__DESCRIPTION OF THE TASK__
Would you output the listing exactly, with every image omitted?

-- Opening Marker --

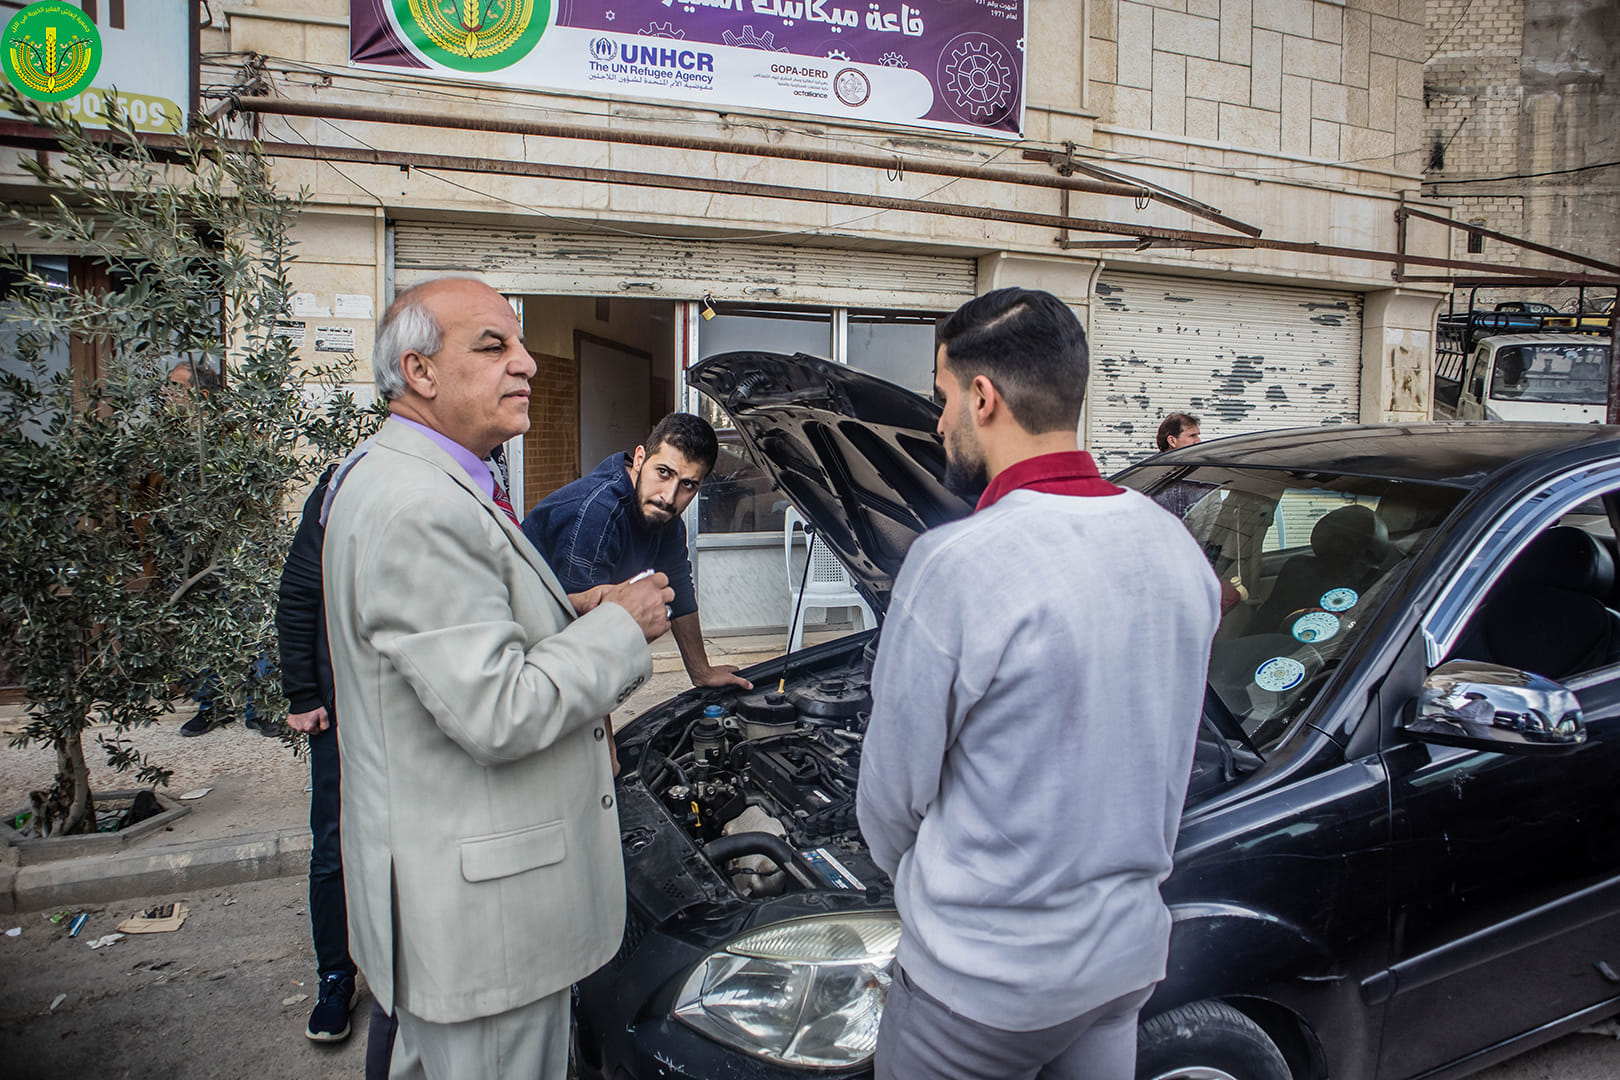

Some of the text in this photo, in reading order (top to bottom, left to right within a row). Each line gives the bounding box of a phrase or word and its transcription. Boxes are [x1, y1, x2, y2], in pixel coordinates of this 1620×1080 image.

[865, 3, 924, 37] قاعة
[620, 43, 714, 73] UNHCR
[770, 63, 829, 79] GOPA-DERD
[589, 60, 714, 85] The UN Refugee Agency

-- Closing Marker --

__RESPONSE BELOW__
Some of the text in this photo, in reading order (top to bottom, left to right within a row). Each line gives the bounding box of a phrase or word and its transcription. Boxes are [x1, y1, x2, y2], in pixel coordinates of this 1620×1080 image.

[865, 3, 924, 37] قاعة
[620, 43, 714, 73] UNHCR
[770, 63, 829, 79] GOPA-DERD
[589, 60, 714, 85] The UN Refugee Agency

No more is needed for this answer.